Sin dalla nascita della moderna etologia il dibattito su natura e cultura ha animato e diviso scienziati e pensatori di vario genere. Nei più disparati campi del sapere ci si è chiesti dove genetica e ambiente intervenissero e se vi fosse un primato nello sviluppo delle caratteristiche di comportamento, sia negli animali che negli uomini. Riflettendo sugli studi di Darwin, Francis Galton coniò l’antitesi che sarebbe divenuta tanto famosa: nature versus nurture (appunto natura versus cultura, o meglio educazione). Se in ambito etologico il dibattito sembra aver superato questa antitesi, evidenziando un’interazine tra geni, ambiente e plasticità comportamentale (Allcock, 2013), nello studio dell’uomo si succedono ancora prese di posizioni nette, per non dire dogmatiche.

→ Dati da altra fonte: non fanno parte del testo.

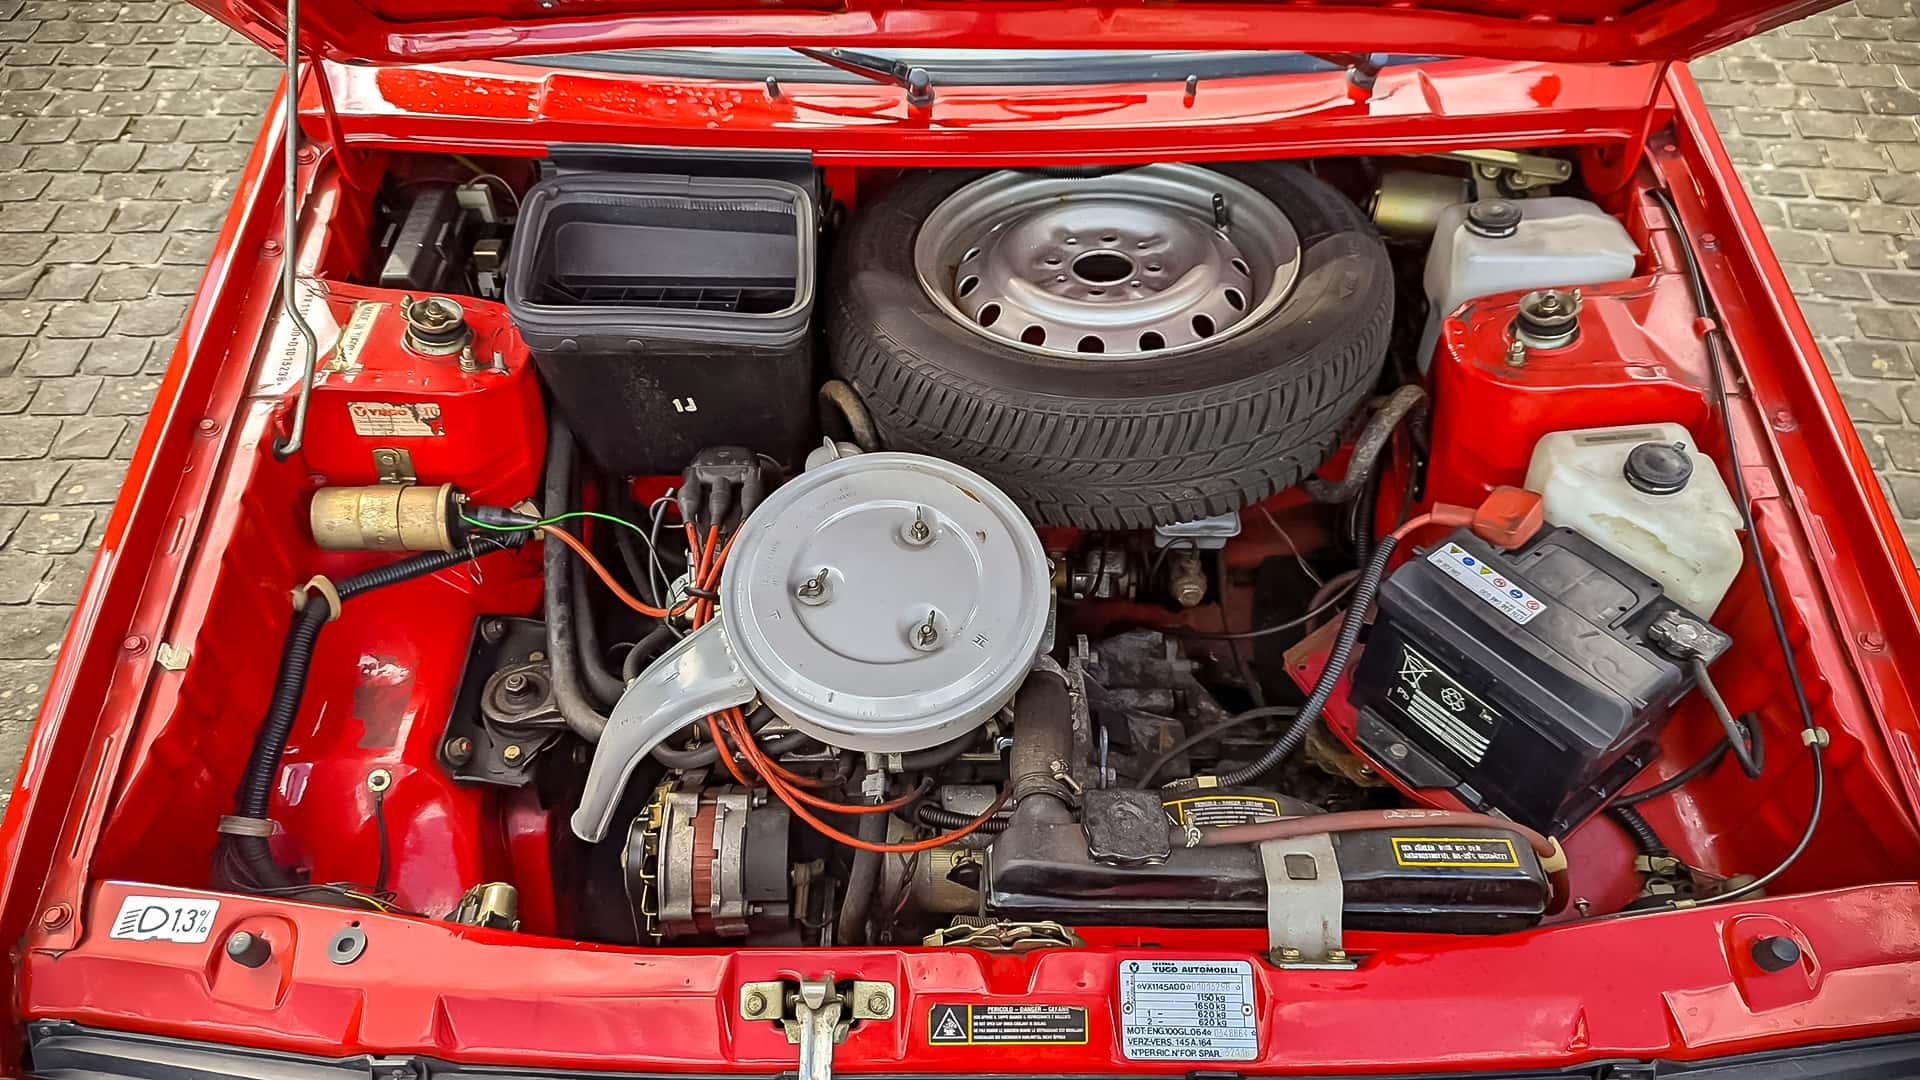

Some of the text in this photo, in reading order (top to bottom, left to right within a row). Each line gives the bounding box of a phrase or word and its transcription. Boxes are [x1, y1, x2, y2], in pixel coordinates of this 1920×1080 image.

[1181, 966, 1238, 974] AUTOMOBILI
[1215, 993, 1226, 1003] kg
[1194, 1001, 1226, 1011] 1650 kg
[1216, 1010, 1226, 1019] kg
[1216, 1018, 1227, 1027] kg
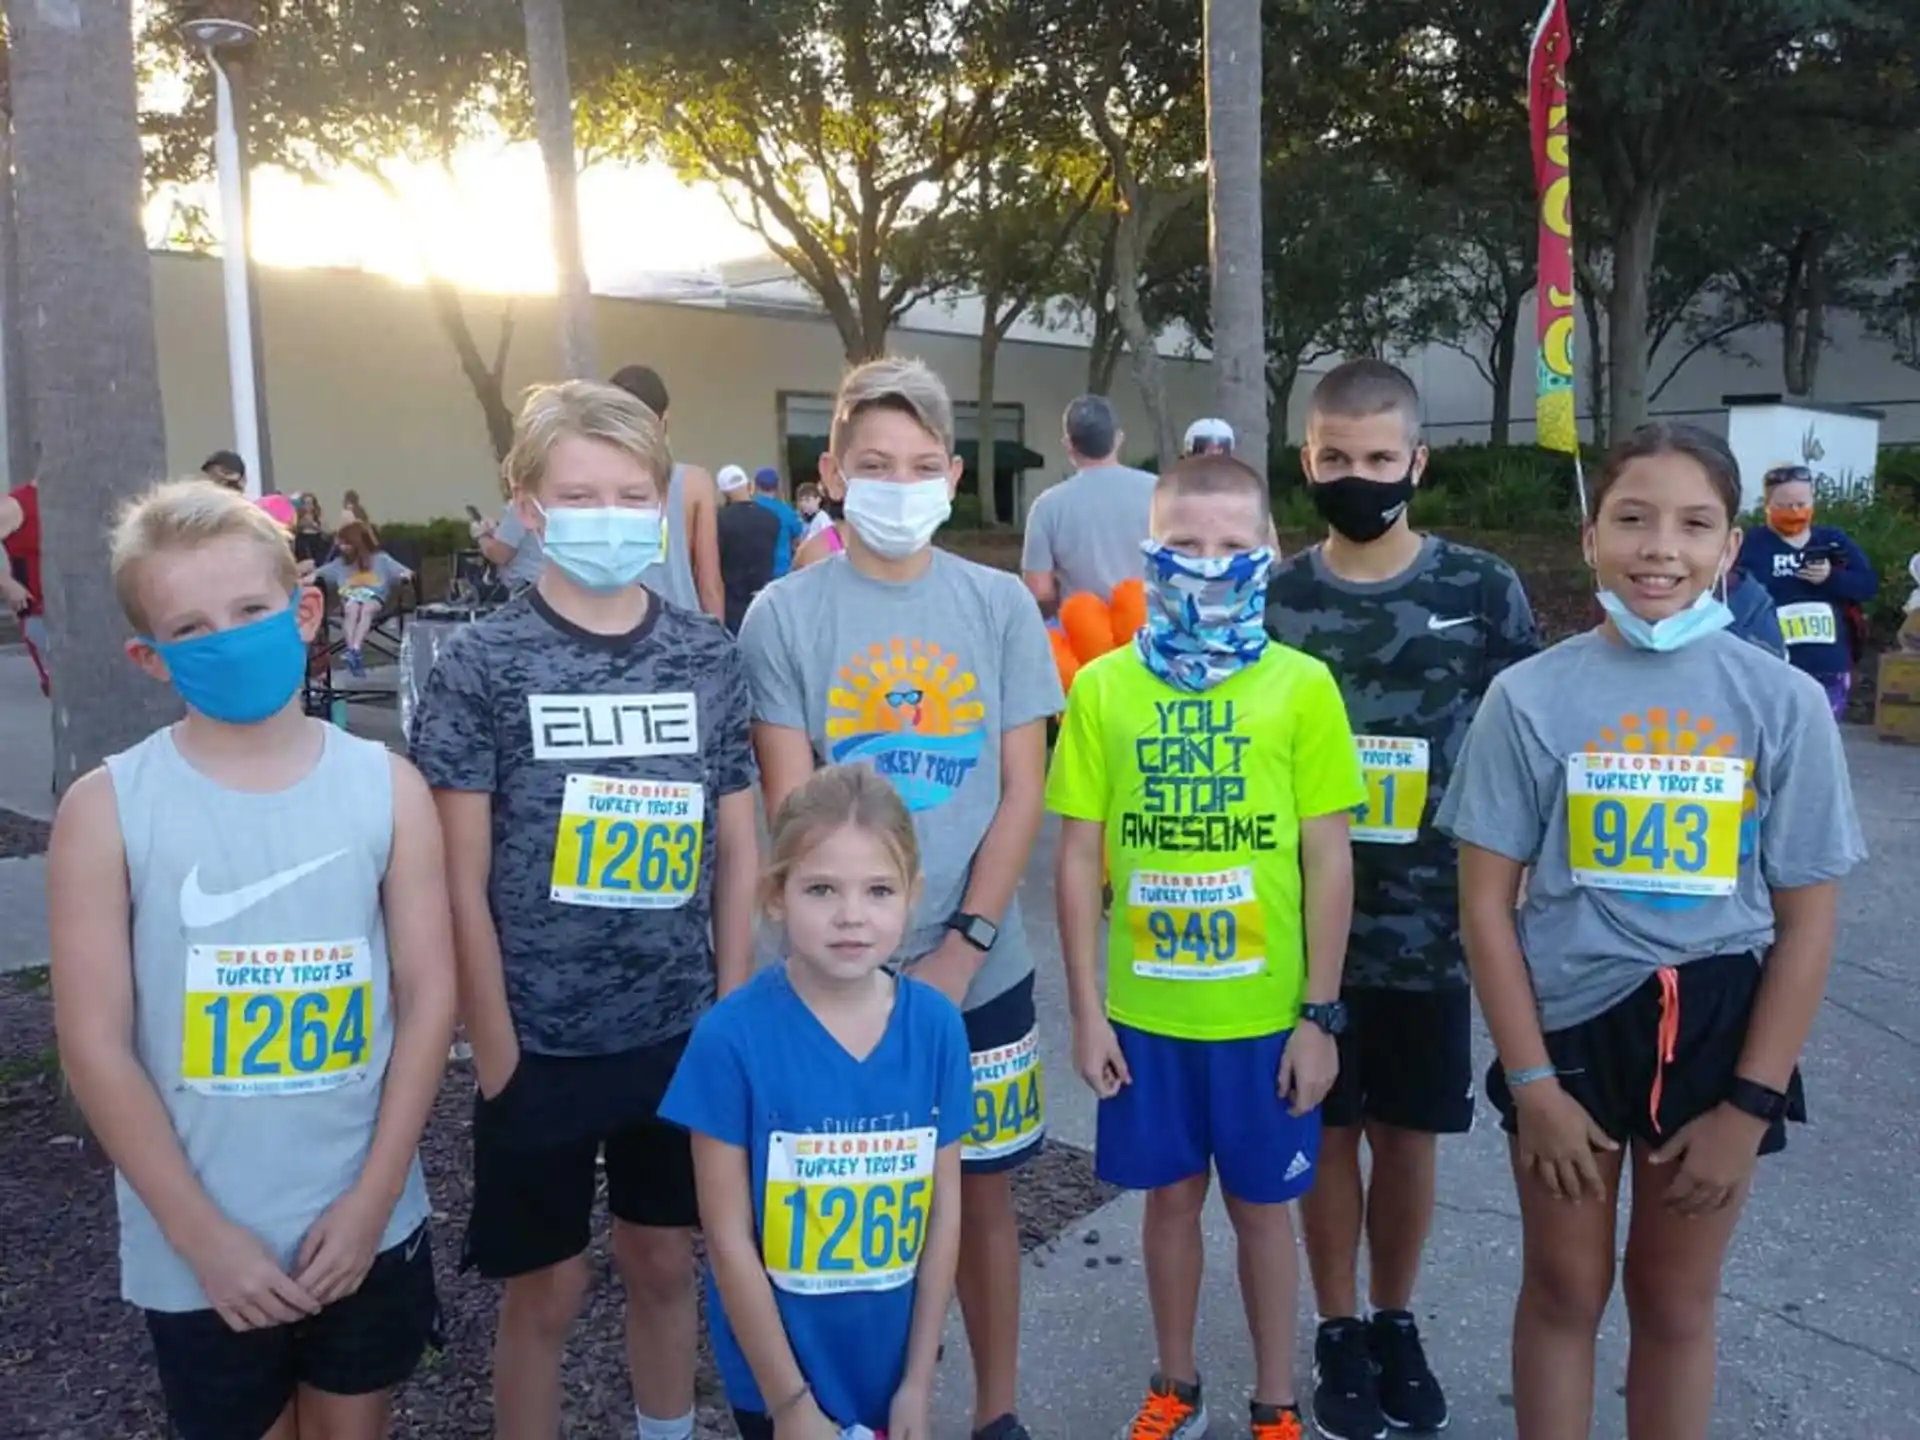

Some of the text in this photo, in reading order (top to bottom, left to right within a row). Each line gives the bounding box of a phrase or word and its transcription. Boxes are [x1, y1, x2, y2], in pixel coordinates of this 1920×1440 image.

[1787, 616, 1831, 637] 1190
[541, 704, 690, 747] ELITE
[1154, 700, 1233, 733] YOU
[1603, 758, 1706, 772] FLORIDA
[1144, 777, 1244, 812] STOP
[1585, 772, 1725, 793] TURKEY TROT 5K
[588, 796, 642, 813] TURKEY
[647, 800, 674, 815] TROT
[1122, 813, 1277, 851] AWESOME
[1593, 800, 1708, 872] 943
[576, 819, 696, 891] 1263
[1148, 910, 1236, 962] 940
[235, 948, 340, 965] FLORIDA
[216, 963, 353, 986] TURKEY TROT 5K
[204, 986, 367, 1076] 1264
[971, 1071, 1040, 1142] 944
[814, 1138, 906, 1153] FLORIDA
[796, 1154, 917, 1178] TURKEY TROT 5K
[784, 1181, 926, 1271] 1265
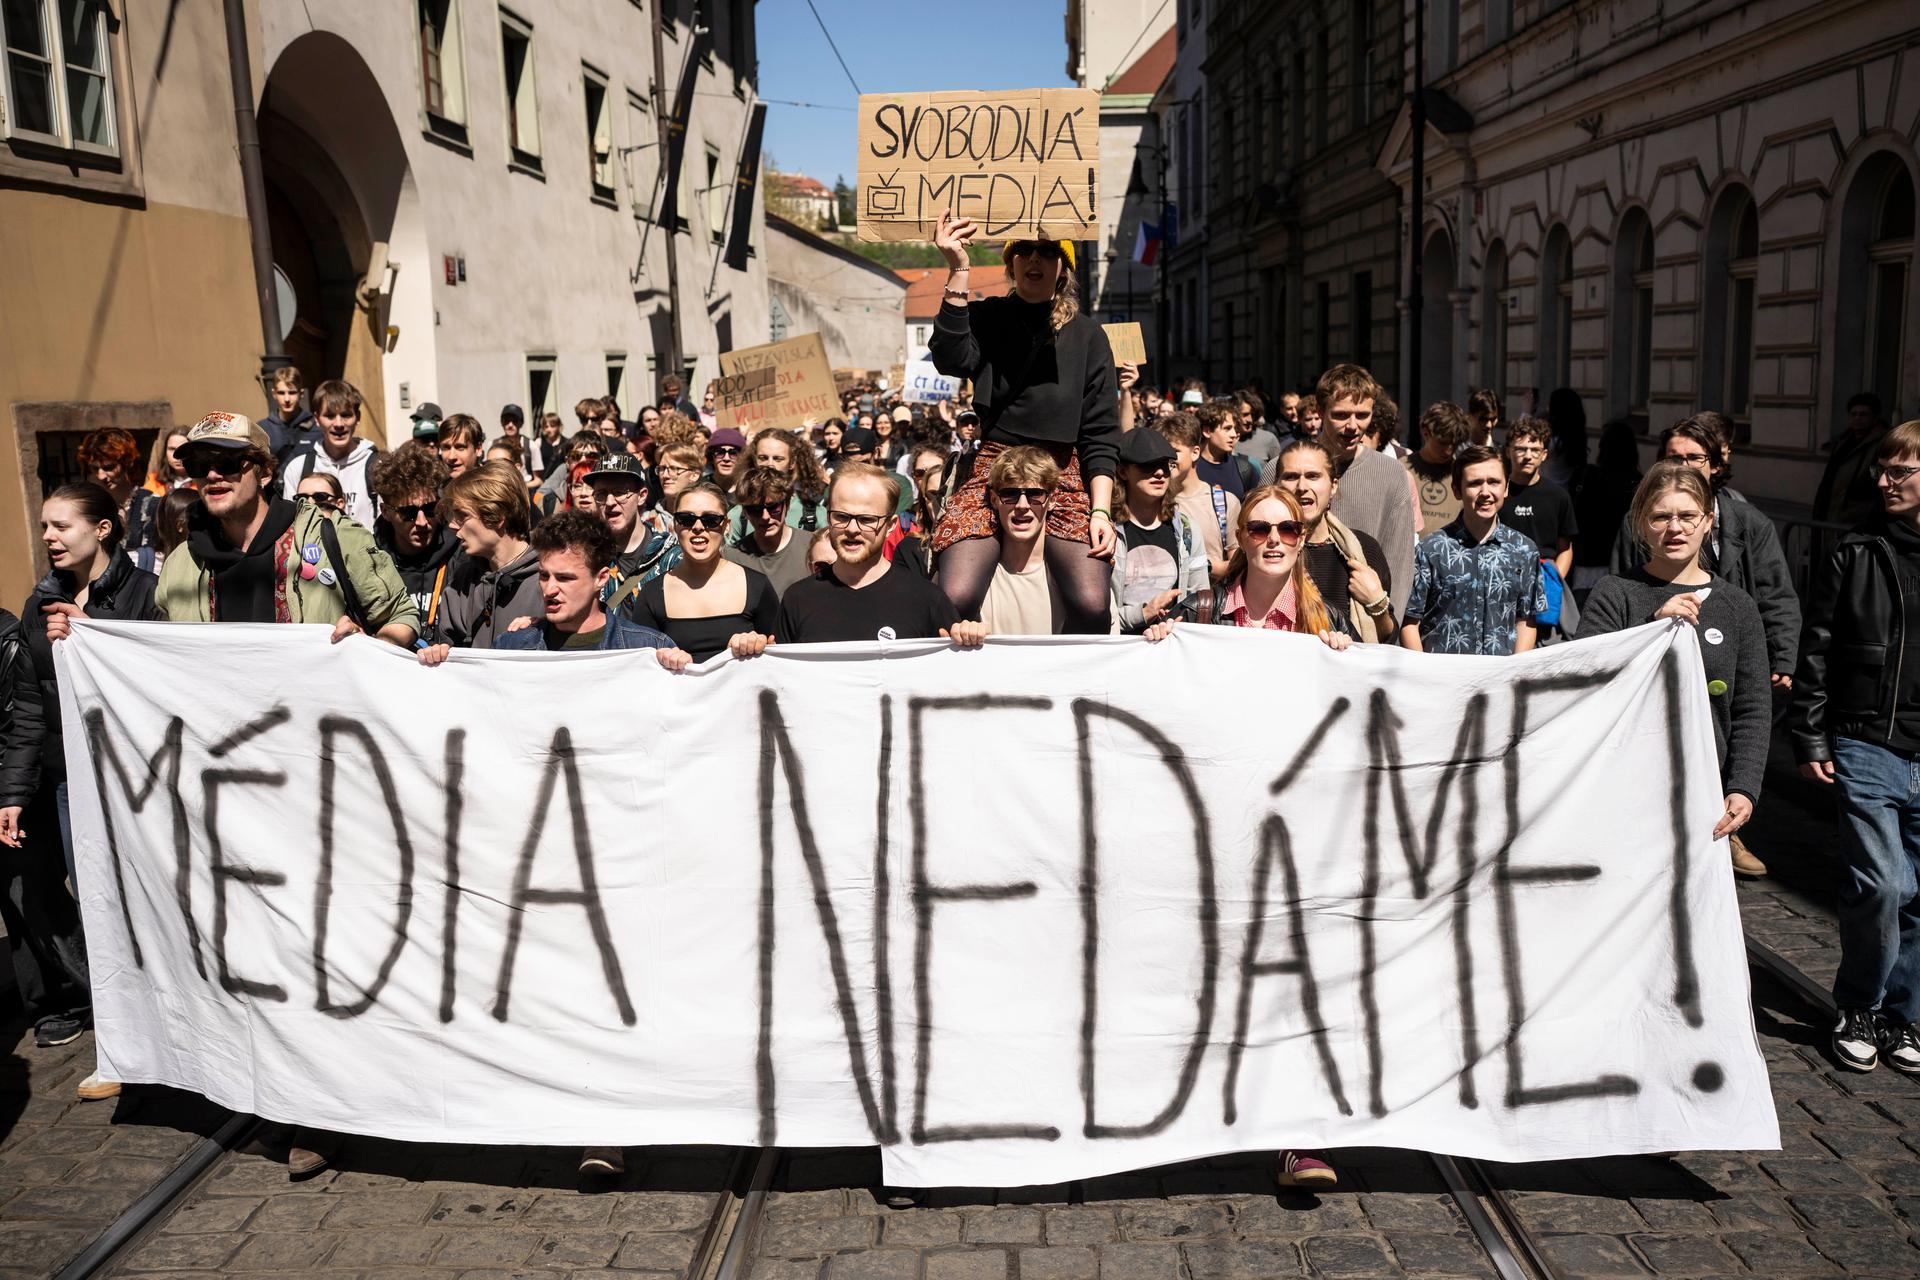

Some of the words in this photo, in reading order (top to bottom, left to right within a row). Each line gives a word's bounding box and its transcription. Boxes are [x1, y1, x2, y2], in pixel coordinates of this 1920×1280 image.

[871, 103, 1085, 164] SVOBODNÁ
[917, 162, 1098, 237] MÉDIA!
[716, 374, 746, 396] KDO
[304, 546, 320, 560] KT!
[84, 704, 638, 1028] MÉDIA
[756, 645, 1726, 1147] NEDÁME!
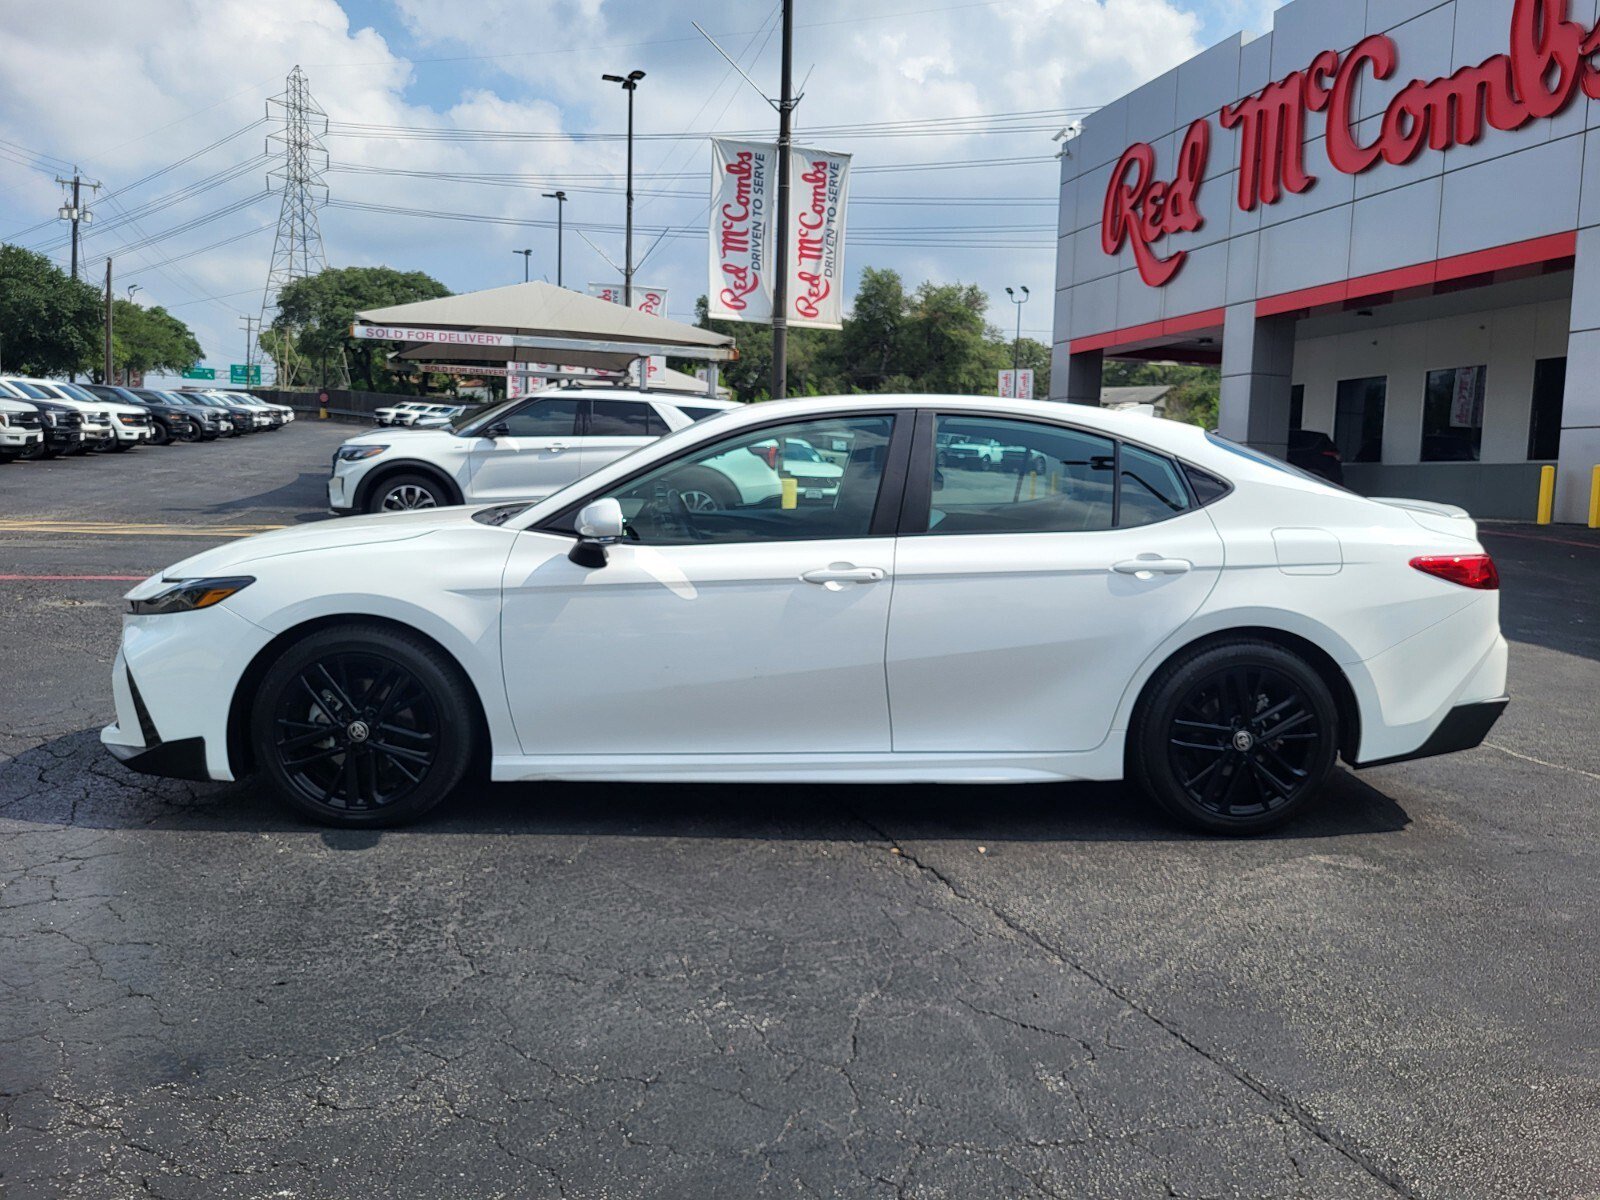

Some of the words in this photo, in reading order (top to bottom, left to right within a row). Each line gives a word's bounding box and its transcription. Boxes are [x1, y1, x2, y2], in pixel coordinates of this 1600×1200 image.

Durante il 2012 la rivista The Leadership Quarterly ha pubblicato due numeri (vol. 23-2 e 23-4) interamente dedicati alla possibile origine genetica della leadership e dei tratti di personalità ad essa collegati. Queste e altre pubblicazioni stanno riaccendendo un dibattito che sembra perdurare e appassionare (Science Daily, 2013). Come spesso accade, da un lato, abbiano studi disparati che cercano di analizzare (e integrare) aspetti specifici del comportamento umano, dall’altro abbiamo tentativi di semplificare (anche a costo di un certo riduzionismo) la complessità delle scelte e della vita umana. Negli articoli divulgativi è interessante notare come, ad esempio, di tutta la mole di dati pubblicati si riportino solo sensazionali e apparentemente risolutive ricerche su genotipi specifici della leadership. Nel confrontare gli studi specialistici, ab origine, con le riflessioni di vari opinionisti sembra emergere un bisogno, tutto umano, di semplificare le nostre conoscenze e rendere la vita facilmente prevedibile, controllabile. Di fronte alla complessità e al continuo fluire della vita restiamo spesso smarriti, come in balia di onde troppe alte e ricorrenti. Una spiegazione univoca ci lascia spesso la convinzione che ciò che stiamo escludendo sia superfluo e quindi non necessariamente considerabile. Ci dimentichiamo che “l’uomo che dispone la sua vita in termini di convinzioni specifiche e inflessibili su questioni temporanee rende se stesso vittima delle circostanze” (Kelly, 1955/1991, p. 16).